暑い暑い夏になると飲みたくなるもの。アイスコーヒー。
アイスグリーンティーも捨てがたいが、いつでも飲みたいという点ではやはりアイスコーヒーに軍配が上がる。うだるような暑さの中を長時間歩いたあと、冷蔵庫の中かと思うほど冷房の効いたカフェに入って飲むのがいい。
飲めばいいやんか、と思う人も多いかもしれない。イタリアには街のいたるところにバールがあるから、コーヒーを飲む場所には事欠かない。だけど残念ながら、イタリアにはアイスコーヒーが存在しない。

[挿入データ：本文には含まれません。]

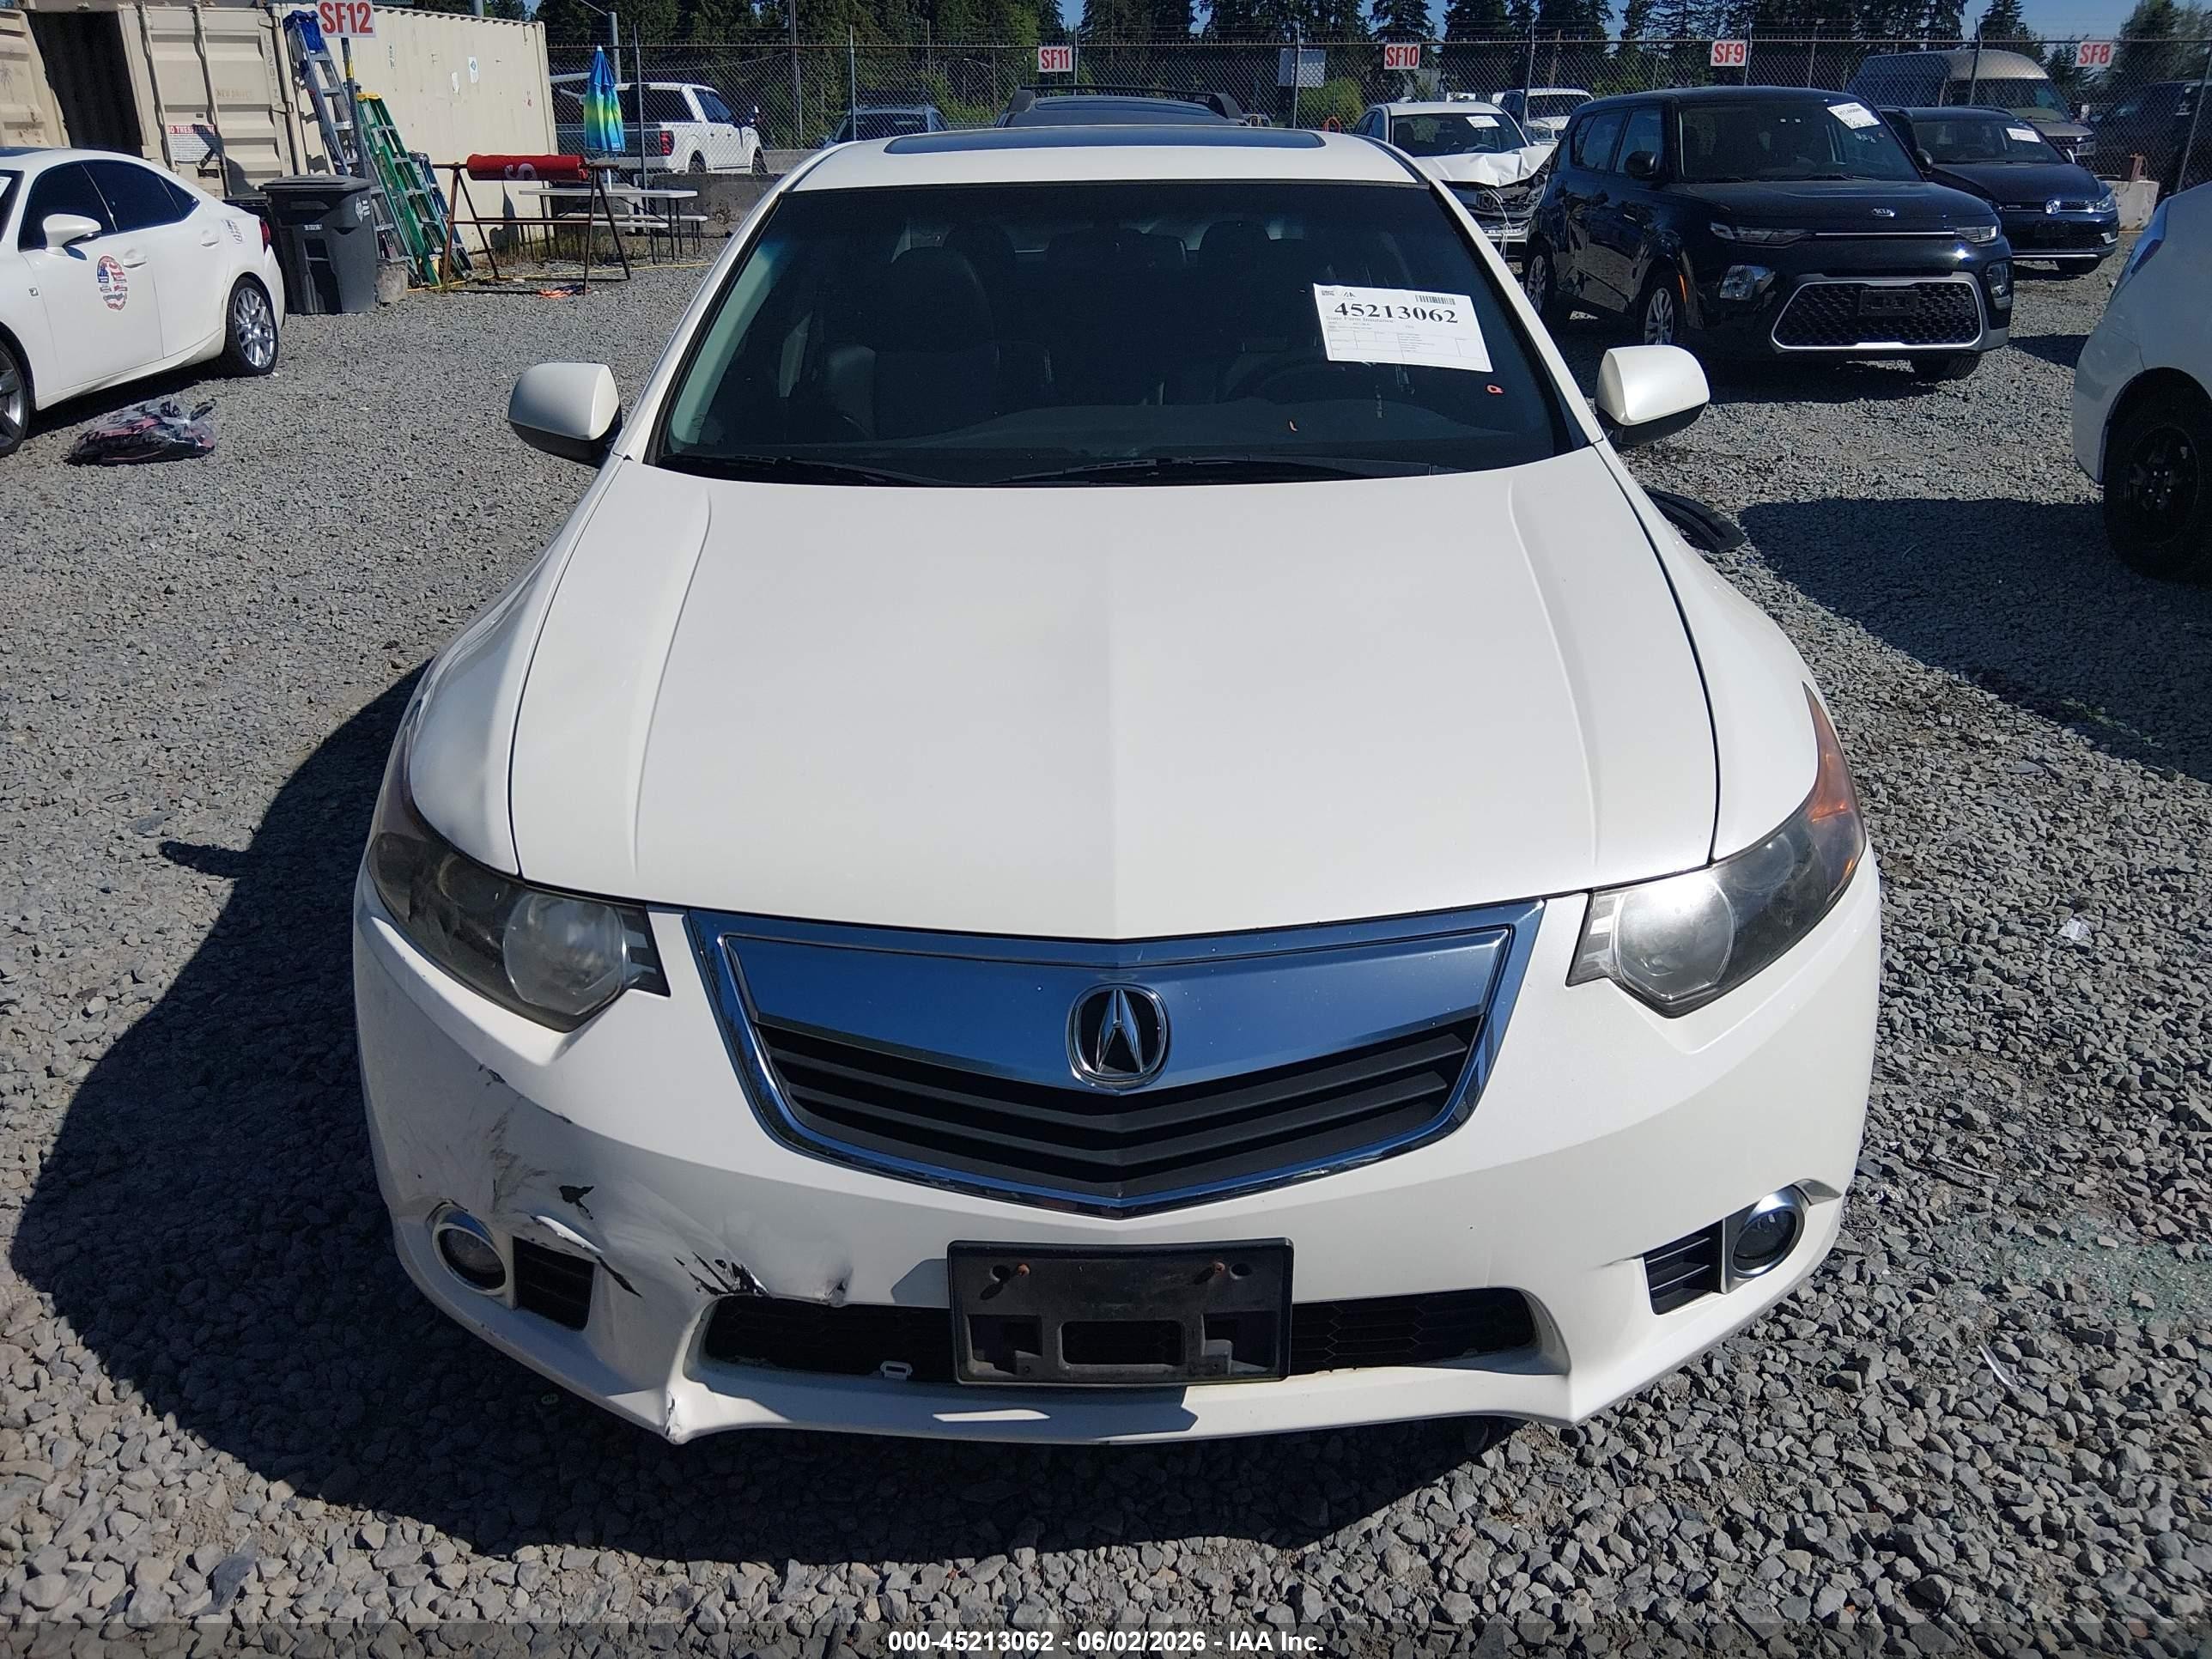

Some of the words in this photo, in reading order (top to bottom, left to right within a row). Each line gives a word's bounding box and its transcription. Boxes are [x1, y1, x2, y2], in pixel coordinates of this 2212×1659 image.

イタリア語でアイスコーヒーは『Caffè freddo』という。日本語に訳するとそのまんま「冷たいコーヒー」。だけどその実態は「熱いエスプレッソに大量の砂糖を溶かし込み、冷蔵庫で冷やしたもの」だ。すでに出来上がったものをポットに入れている状態なので、砂糖抜きを注文することもできない。
以前バールで「アイスコーヒーある?」と聞いたら、エスプレッソと氷の入ったカップが出てきたこともあった。違うのだ。入れ物は何でもいいけど、氷の浮かんだ冷たくて甘くないアメリカンコーヒーをストローで吸いたいのだ。1カップ30mlしかないエスプレッソにいくら氷を入れても、その欲求は実現できない。
そういえば近々、ミラノにスタバができるらしい。イタリアのバール文化に割り込めるかどうかしきりに話題になっているが、いわゆる「アイスコーヒー」が飲めるならぜひ通いたいところである。